Aim of the task -> The records should be repeated word for word, pictures excluded.

▽

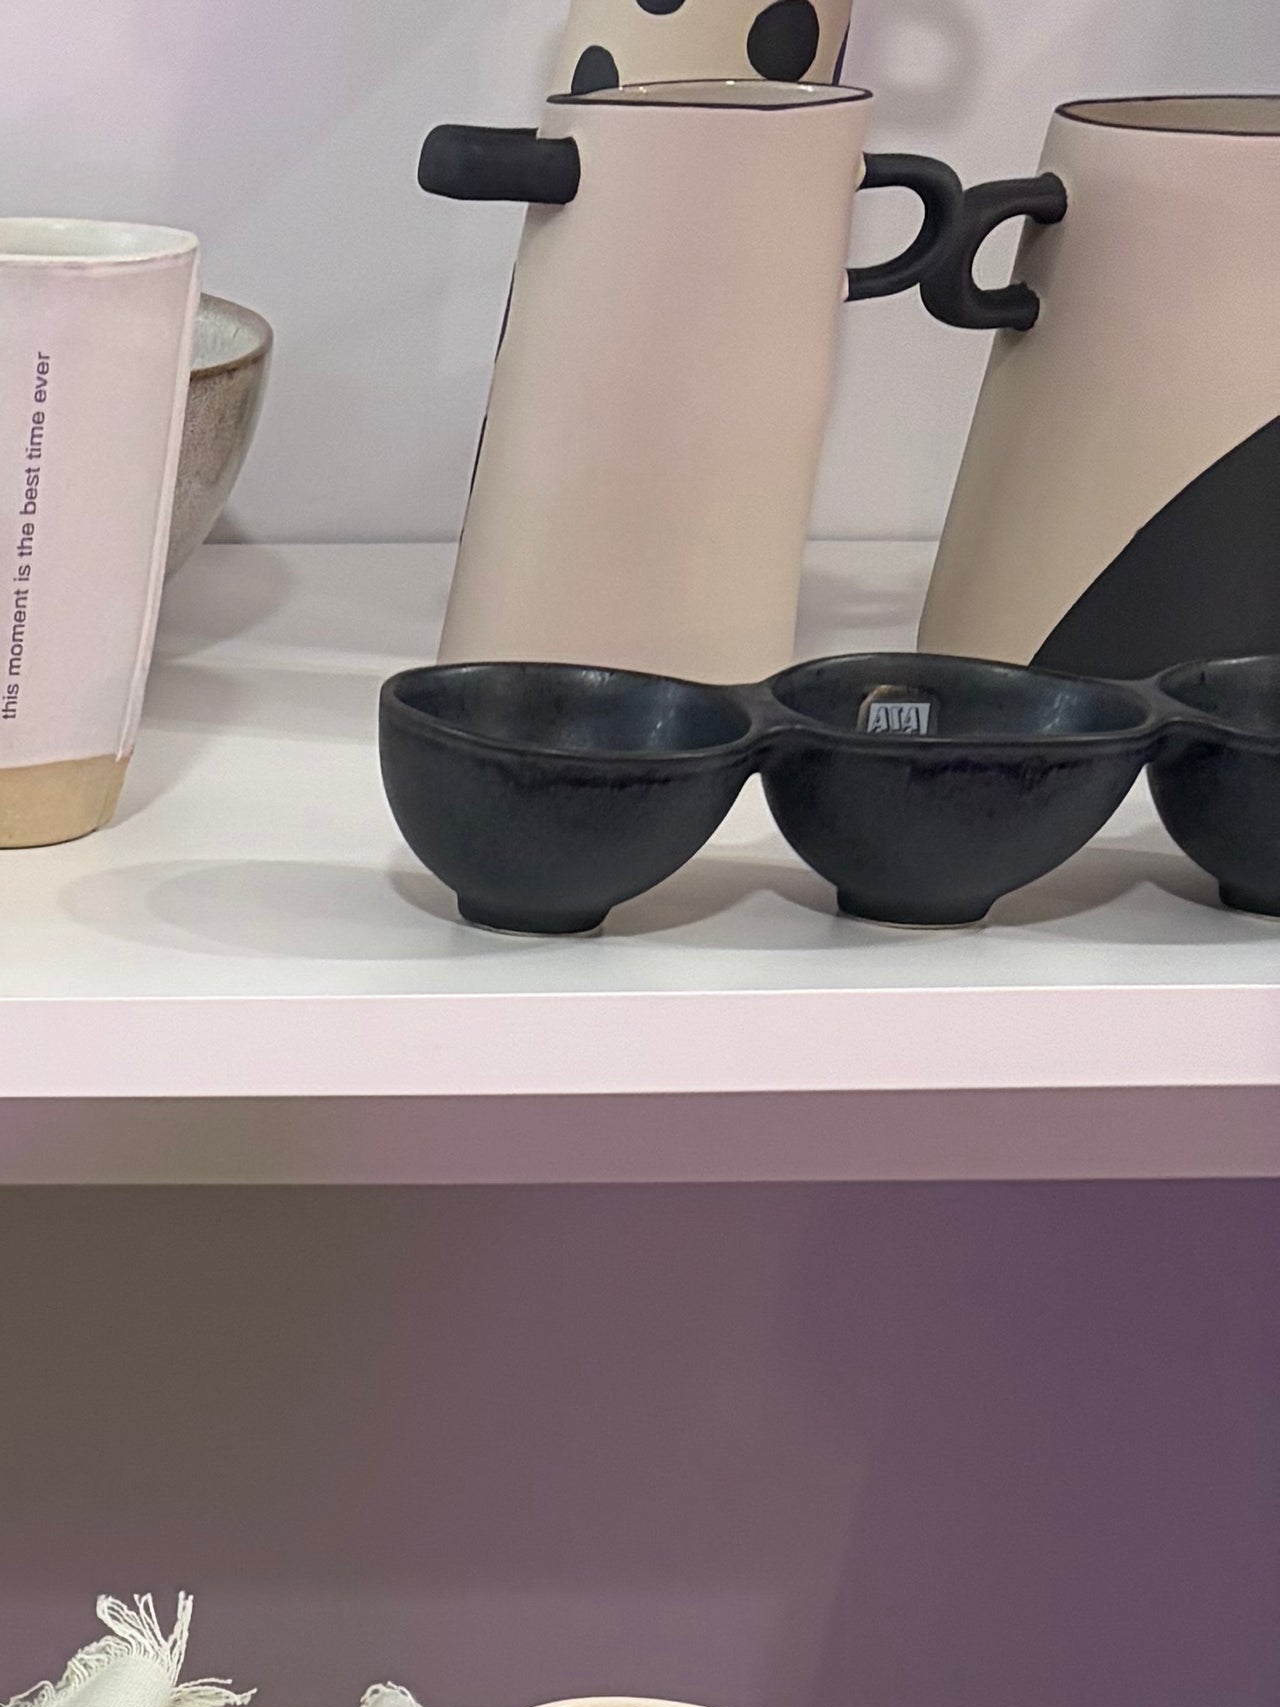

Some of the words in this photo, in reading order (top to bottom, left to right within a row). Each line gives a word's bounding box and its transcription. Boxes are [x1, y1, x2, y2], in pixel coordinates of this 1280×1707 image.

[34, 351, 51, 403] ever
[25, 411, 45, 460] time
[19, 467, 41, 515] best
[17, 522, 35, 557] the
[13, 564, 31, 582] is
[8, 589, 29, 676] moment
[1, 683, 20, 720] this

△

Reply to the task ->
Some of the words in this photo, in reading order (top to bottom, left to right within a row). Each line gives a word's bounding box and its transcription. Boxes are [x1, y1, x2, y2], in pixel coordinates of this 1280×1707 image.

[34, 351, 51, 403] ever
[25, 411, 45, 460] time
[19, 467, 41, 515] best
[17, 522, 35, 557] the
[13, 564, 31, 582] is
[8, 589, 29, 676] moment
[1, 683, 20, 720] this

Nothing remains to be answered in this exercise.